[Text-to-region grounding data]
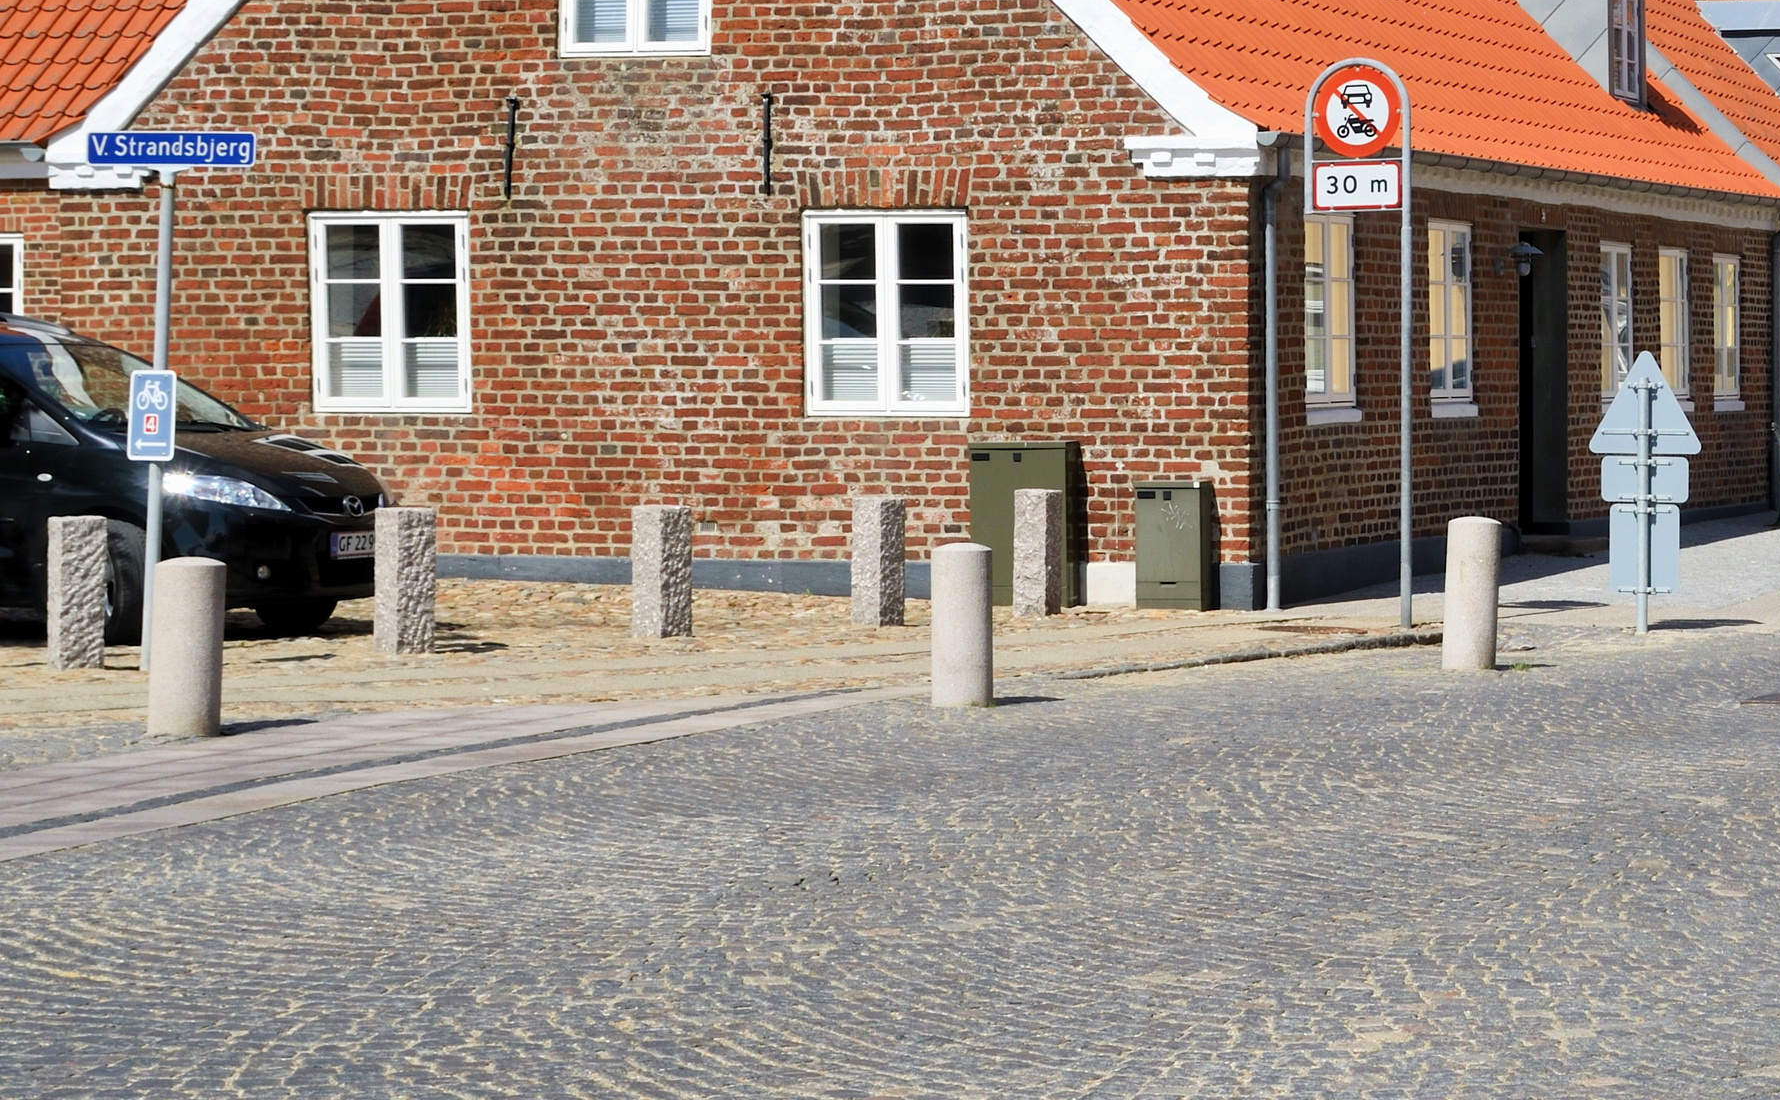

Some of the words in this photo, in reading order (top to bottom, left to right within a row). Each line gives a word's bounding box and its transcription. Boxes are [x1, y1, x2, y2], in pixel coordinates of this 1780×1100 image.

[91, 135, 108, 156] V.
[114, 135, 251, 163] Strandsbjerg
[1326, 175, 1357, 194] 30
[1370, 179, 1388, 192] m
[146, 417, 156, 432] 4
[339, 535, 353, 552] GF
[355, 534, 366, 550] 22
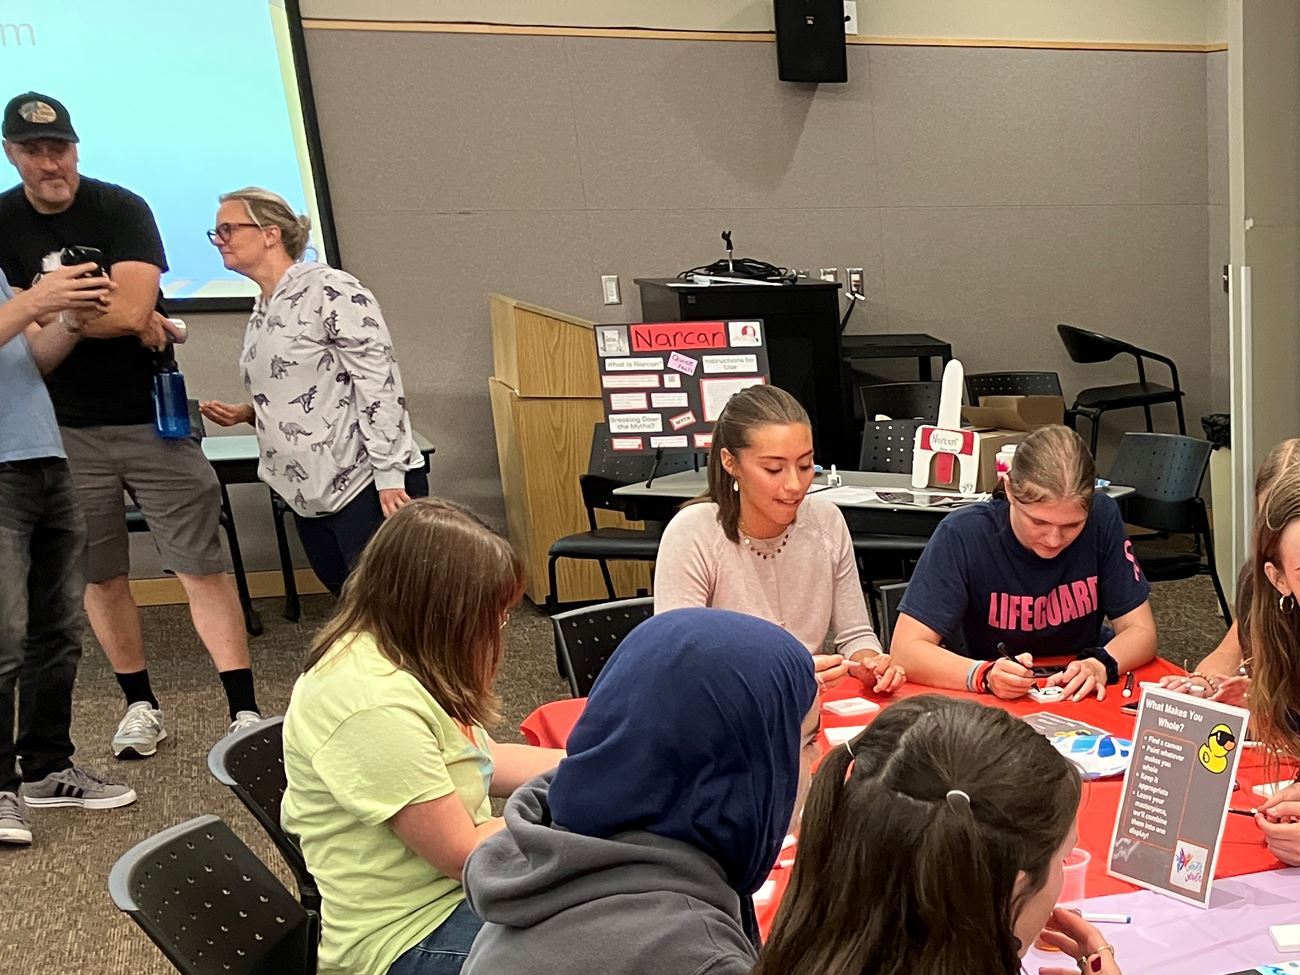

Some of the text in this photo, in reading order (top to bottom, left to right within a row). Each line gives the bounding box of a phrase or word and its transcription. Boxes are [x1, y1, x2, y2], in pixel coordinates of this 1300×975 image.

[634, 328, 723, 349] Narcan
[1146, 698, 1203, 722] What Makes You
[1158, 717, 1185, 732] Whole?
[1148, 735, 1160, 745] Find
[1164, 741, 1183, 752] canvas
[1144, 755, 1172, 768] makes you
[1160, 749, 1185, 762] whatever
[1142, 764, 1159, 774] whole
[1140, 772, 1154, 783] Keep
[1138, 782, 1169, 797] appropriate
[1136, 790, 1165, 805] Leave your
[1130, 818, 1144, 828] them
[1156, 826, 1166, 835] one
[1145, 813, 1168, 826] combine
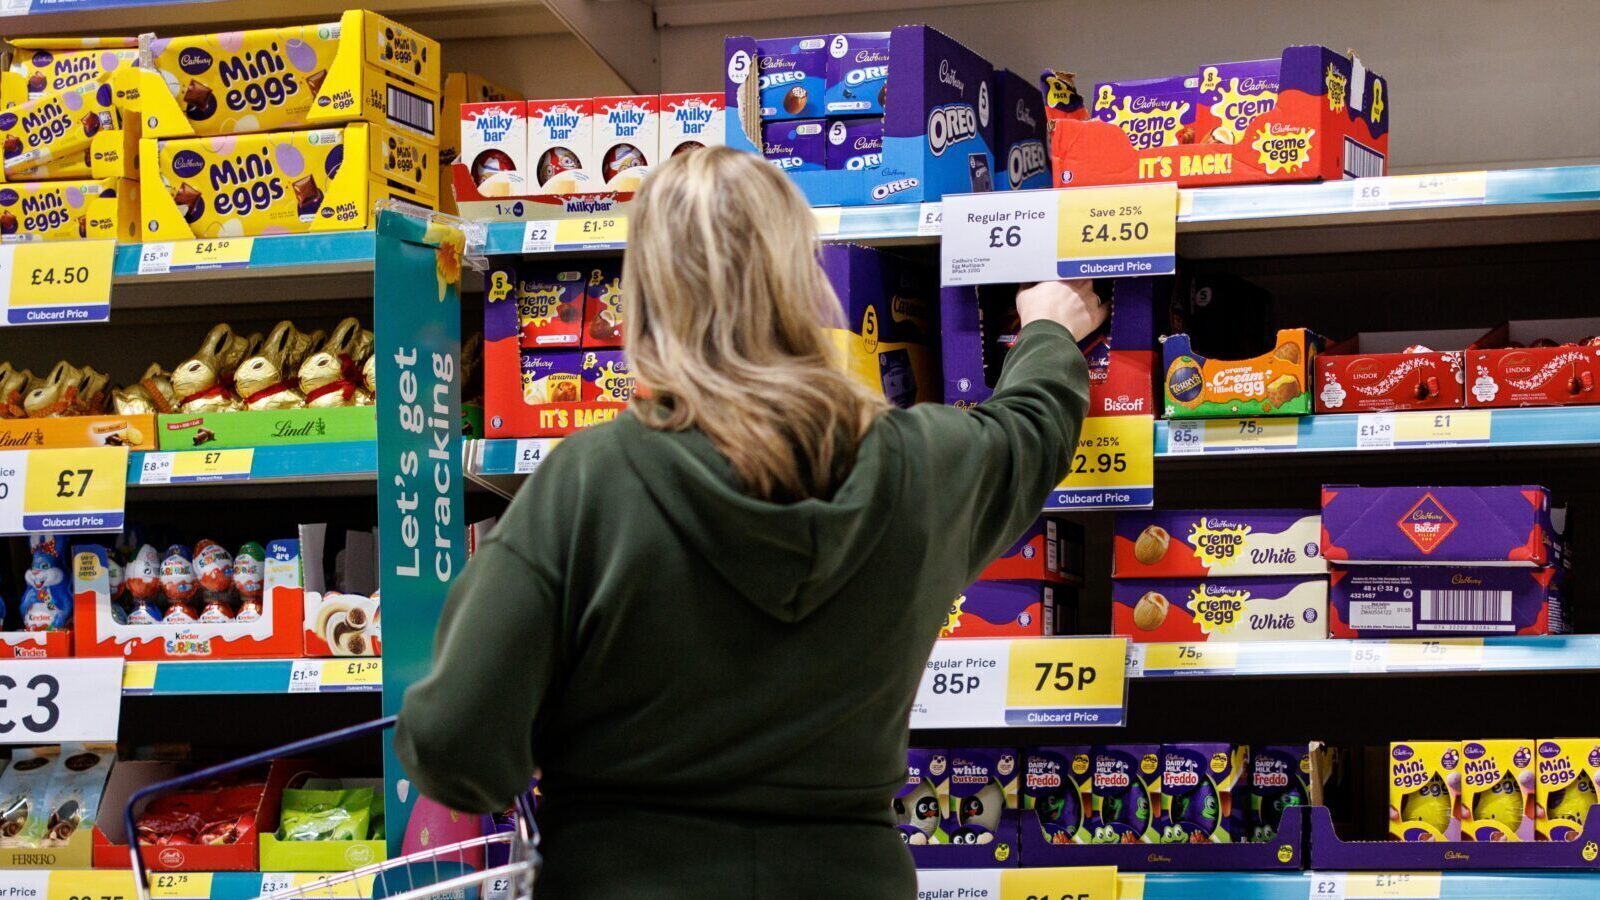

> [What you should do] Make an exact copy of the records above, one that has none of the pictures.

> [Solution for this problem]
Some of the words in this photo, in reading order (top to bottom, left to right within a row). Each line gives a word's bounding box and its transcription. Boxes are [x1, y1, x2, y2], in pixel coordinates of this 1780×1100 image.

[91, 135, 108, 156] V.
[114, 135, 251, 163] Strandsbjerg
[1326, 175, 1357, 194] 30
[1370, 179, 1388, 192] m
[146, 417, 156, 432] 4
[339, 535, 353, 552] GF
[355, 534, 366, 550] 22

Some of the text in this photo, in reading order (top to bottom, left to right within a row). Each line gives the bounding box of a phrase or word and its transcription. Boxes are [x1, y1, x2, y2], in pixel coordinates of this 1300×975 image.

[634, 328, 723, 349] Narcan
[1146, 698, 1203, 722] What Makes You
[1158, 717, 1185, 732] Whole?
[1148, 735, 1160, 745] Find
[1164, 741, 1183, 752] canvas
[1144, 755, 1172, 768] makes you
[1160, 749, 1185, 762] whatever
[1142, 764, 1159, 774] whole
[1140, 772, 1154, 783] Keep
[1138, 782, 1169, 797] appropriate
[1136, 790, 1165, 805] Leave your
[1130, 818, 1144, 828] them
[1156, 826, 1166, 835] one
[1145, 813, 1168, 826] combine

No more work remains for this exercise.